For optical measurements we use a triple-grating high-resolution Raman spectrometer (S&I Spectroscopy & Imaging GmbH). The spectrometer is equipped with LN2 cooled back-illuminated CCD eXcelon camera detector to reduce noise. Experiments can be performed with the laser wavelenght 532 nm or 660 nm. The instrument is optimized for studying low-energy excitations and can collect data down to approximately 5 cm-1. It uses a continuous-He-flow cryostat to reach temperatures as low as 2.6 K.
Neutrons are S=1/2 particles. Angular-momentum conservation only allows the creation of a single S=1 magnon in a scattering event. In addition, singlet-to-singlet transitions are forbidden. In contrast, a photon is a S=1 particle. A typical Raman process creates pairs of magnons with opposing momenta, but single-magnon processes are also possible. Here is an example of a two-magnon excitation continuum (the broad feature at lower energies) measured in the strong-rung quantum spin ladder system Cu(Qnx)Br2. More details in external pageG. Simutis, S. Gvasaliya, F. Xiao, C. P. Landee, and A. Zheludev, Phys. Rev. B 93, 094412 (2016).
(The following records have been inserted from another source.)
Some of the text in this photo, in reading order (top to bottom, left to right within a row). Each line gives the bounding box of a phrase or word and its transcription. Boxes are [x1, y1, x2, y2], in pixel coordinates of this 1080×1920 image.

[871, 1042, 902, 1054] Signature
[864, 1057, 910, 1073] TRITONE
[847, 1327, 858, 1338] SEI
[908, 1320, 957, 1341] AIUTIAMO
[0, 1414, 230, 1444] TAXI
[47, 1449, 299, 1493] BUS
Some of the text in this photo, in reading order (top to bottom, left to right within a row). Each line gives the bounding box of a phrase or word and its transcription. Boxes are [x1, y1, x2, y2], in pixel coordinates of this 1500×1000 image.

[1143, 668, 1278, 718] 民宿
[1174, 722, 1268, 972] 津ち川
An important advantage of light scattering is that it is very easy to perform experiments under high pressure, thanks to the use of (transparent !) diamond-anvil pressure cells. In out lab we can reach pressures up to 40 kbar, while still measuring at low temperatures down to 2.6 K. This technique was used to study the evolution of the magnon spectrum across a pressure induced quantum phase transition in the frustrated quantum dimer material (C4H12N2)Cu2Cl6. For more details see external pageS. Bettler, G. Simutis, G. Perren, D. Blosser, S. Gvasaliya, and A. Zheludev, Phys. Rev. B 96, 174431 (2017).
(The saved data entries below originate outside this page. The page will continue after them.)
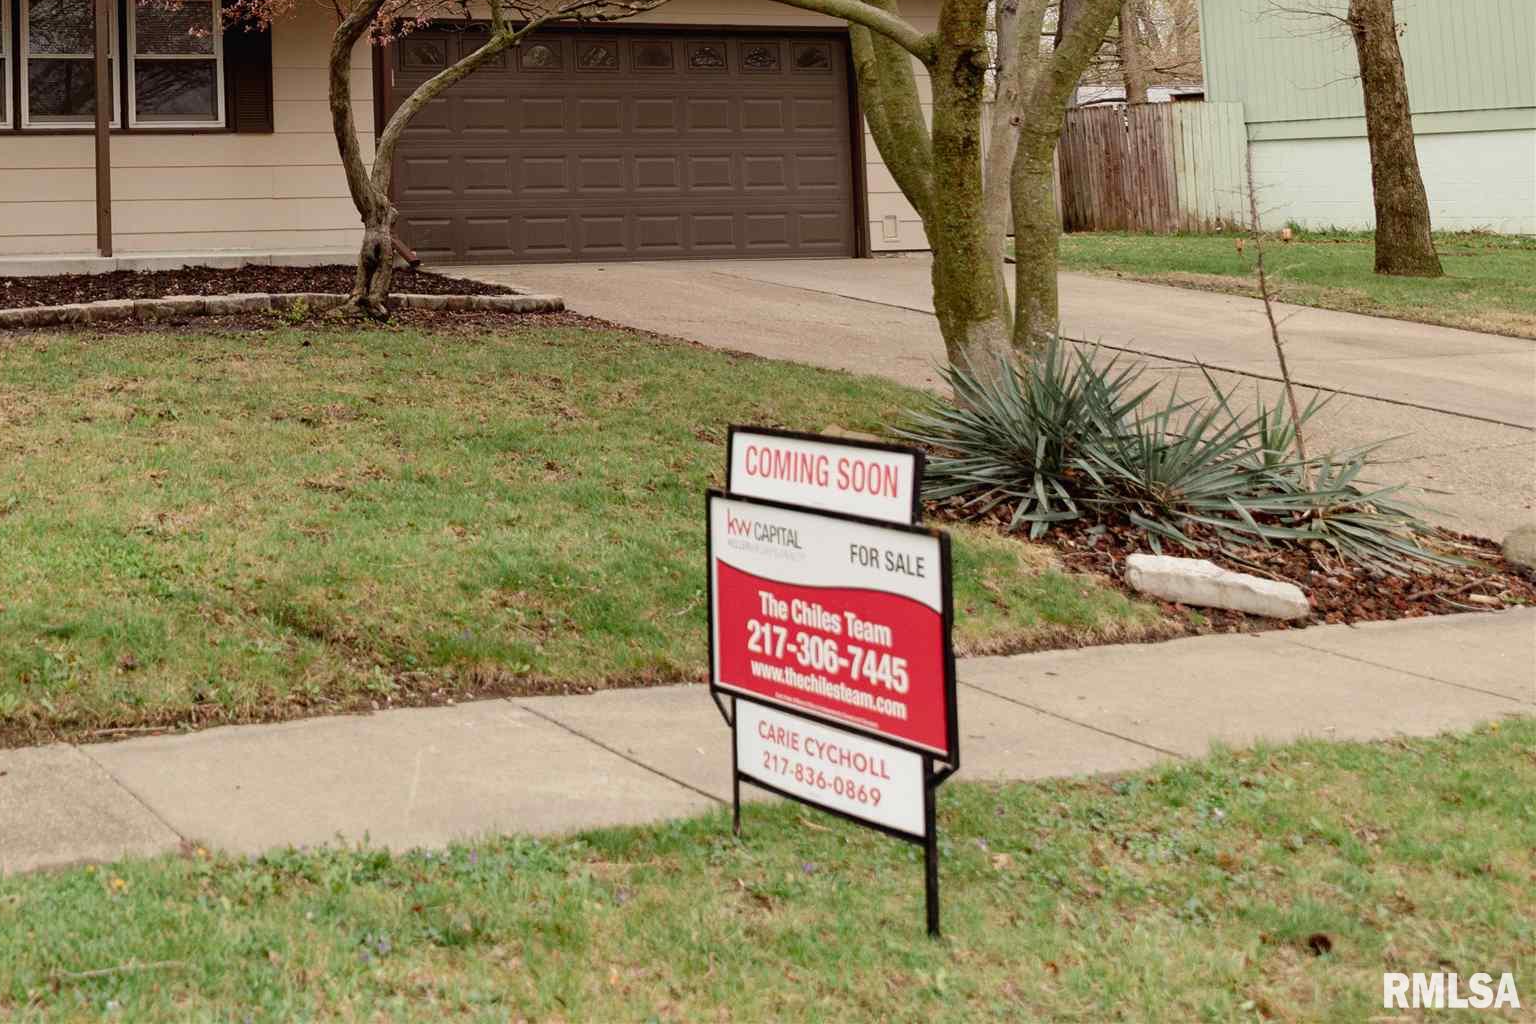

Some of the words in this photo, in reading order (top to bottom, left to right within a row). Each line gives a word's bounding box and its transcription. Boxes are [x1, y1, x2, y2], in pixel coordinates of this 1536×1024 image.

[745, 445, 829, 487] COMING
[837, 458, 899, 498] SOON
[754, 521, 802, 550] CAPITAL
[850, 544, 880, 569] FOR
[885, 550, 926, 578] SALE
[758, 590, 788, 621] The
[791, 598, 842, 635] Chiles
[844, 611, 892, 647] Team
[747, 619, 909, 694] 217-306-7445
[750, 660, 908, 720] www.thechilesteam.com
[758, 720, 800, 751] CARIE
[804, 737, 890, 780] CYCHOLL
[763, 751, 881, 807] 217-836-0869
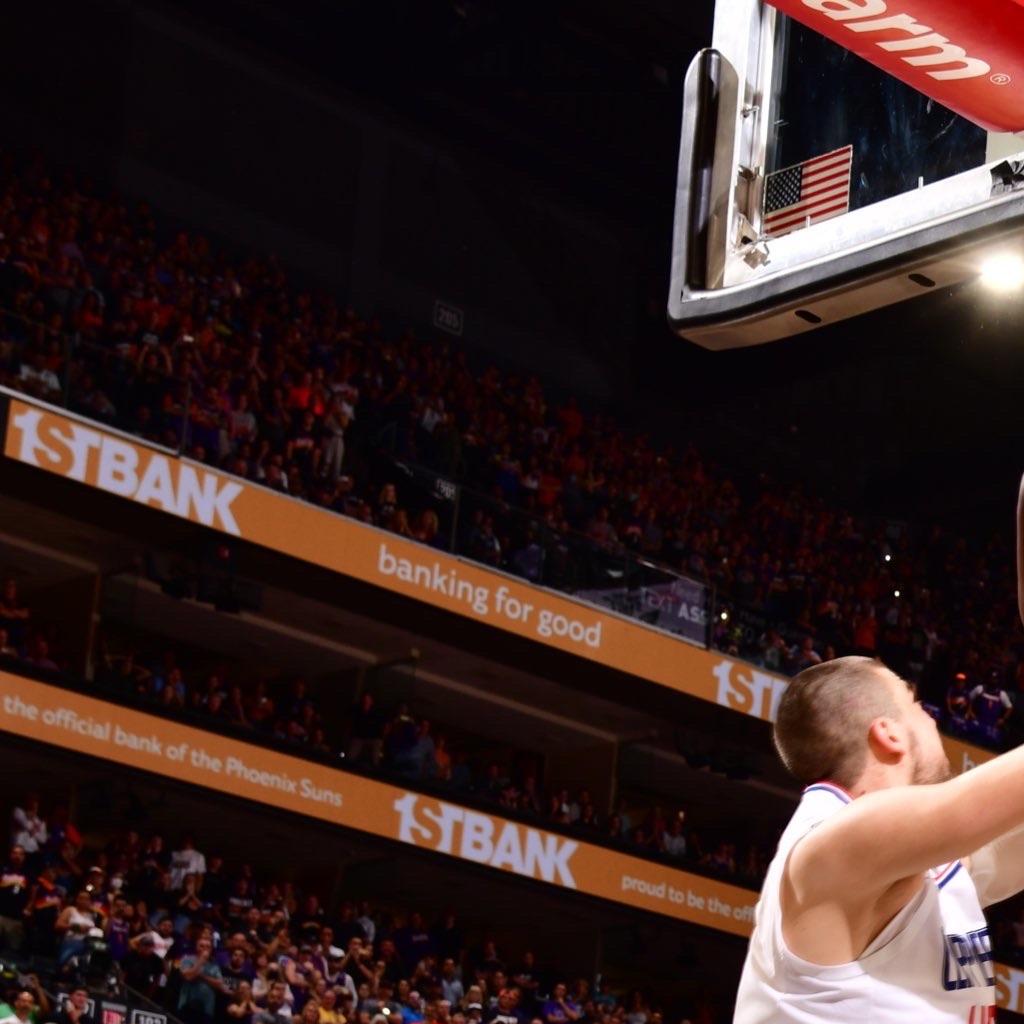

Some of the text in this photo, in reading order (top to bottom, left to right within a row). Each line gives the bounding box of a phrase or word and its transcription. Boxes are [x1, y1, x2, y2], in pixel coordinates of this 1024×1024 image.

[14, 409, 244, 537] 1STBANK
[378, 544, 602, 648] banking for good
[4, 695, 343, 807] the official bank of the Phoenix Suns
[394, 793, 579, 889] 1STBANK
[621, 872, 665, 899] proud
[668, 885, 684, 905] to
[687, 888, 705, 910] be
[707, 894, 732, 919] the
Phonons are the easiest excitations to observe with Raman scattering. But are phonos of any use in the study of quantum magnetism? They most certainly are. Magnetic correlations between interacting spins contribute to the elastic energy and therefore stiffness of the corresponding bonds. This, in turn, affects the frequencies of phonons that involve distortions of the affected bonds. By measuring these anomalous phonon frequency shifts we can learn about spin correlations. This approach was used to study spin correlations in the famous material SrCu2(BO3)2 that realizes the Sutherland-Shastry frustrated dimer model. We study a paricular phonon exciation, the so-called "pantograph mode". We learn that, as the system goes through a pressure-driven phase transition from a dimerized to a quantum-plaquette phase, nearest-neighbor spin correlations switch from antiferromagnetic to ferromagnetic. For more details see external pageS. Bettler, L. Stoppel, Z. Yan, S. Gvasaliya and A. Zheludev, Phys. Rev. Research 2, 012010(R) (2020).